# EXERCISE BRIEF:
Every line of the data below should be printed exactly. Nothing may be dropped.

# EXTRACTED INFORMATION:
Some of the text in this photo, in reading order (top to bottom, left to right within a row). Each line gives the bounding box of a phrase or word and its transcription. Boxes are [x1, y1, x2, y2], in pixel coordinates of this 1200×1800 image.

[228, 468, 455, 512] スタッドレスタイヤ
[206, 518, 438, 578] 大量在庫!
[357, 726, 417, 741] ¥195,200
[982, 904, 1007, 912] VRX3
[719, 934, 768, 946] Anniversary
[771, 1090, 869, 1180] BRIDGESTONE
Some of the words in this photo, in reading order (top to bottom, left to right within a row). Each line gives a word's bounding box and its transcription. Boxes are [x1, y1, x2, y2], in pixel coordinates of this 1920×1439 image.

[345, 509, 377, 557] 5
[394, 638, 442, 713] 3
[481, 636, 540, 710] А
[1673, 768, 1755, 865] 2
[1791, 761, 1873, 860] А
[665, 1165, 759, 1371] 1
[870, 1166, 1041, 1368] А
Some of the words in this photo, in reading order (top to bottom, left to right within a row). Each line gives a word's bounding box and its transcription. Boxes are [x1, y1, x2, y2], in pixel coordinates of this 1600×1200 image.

# REPLY TO THE EXERCISE:
Some of the text in this photo, in reading order (top to bottom, left to right within a row). Each line gives the bounding box of a phrase or word and its transcription. Boxes are [x1, y1, x2, y2], in pixel coordinates of this 1200×1800 image.

[228, 468, 455, 512] スタッドレスタイヤ
[206, 518, 438, 578] 大量在庫!
[357, 726, 417, 741] ¥195,200
[982, 904, 1007, 912] VRX3
[719, 934, 768, 946] Anniversary
[771, 1090, 869, 1180] BRIDGESTONE
Some of the words in this photo, in reading order (top to bottom, left to right within a row). Each line gives a word's bounding box and its transcription. Boxes are [x1, y1, x2, y2], in pixel coordinates of this 1920×1439 image.

[345, 509, 377, 557] 5
[394, 638, 442, 713] 3
[481, 636, 540, 710] А
[1673, 768, 1755, 865] 2
[1791, 761, 1873, 860] А
[665, 1165, 759, 1371] 1
[870, 1166, 1041, 1368] А
Some of the words in this photo, in reading order (top to bottom, left to right within a row). Each line gives a word's bounding box and its transcription. Boxes are [x1, y1, x2, y2], in pixel coordinates of this 1600×1200 image.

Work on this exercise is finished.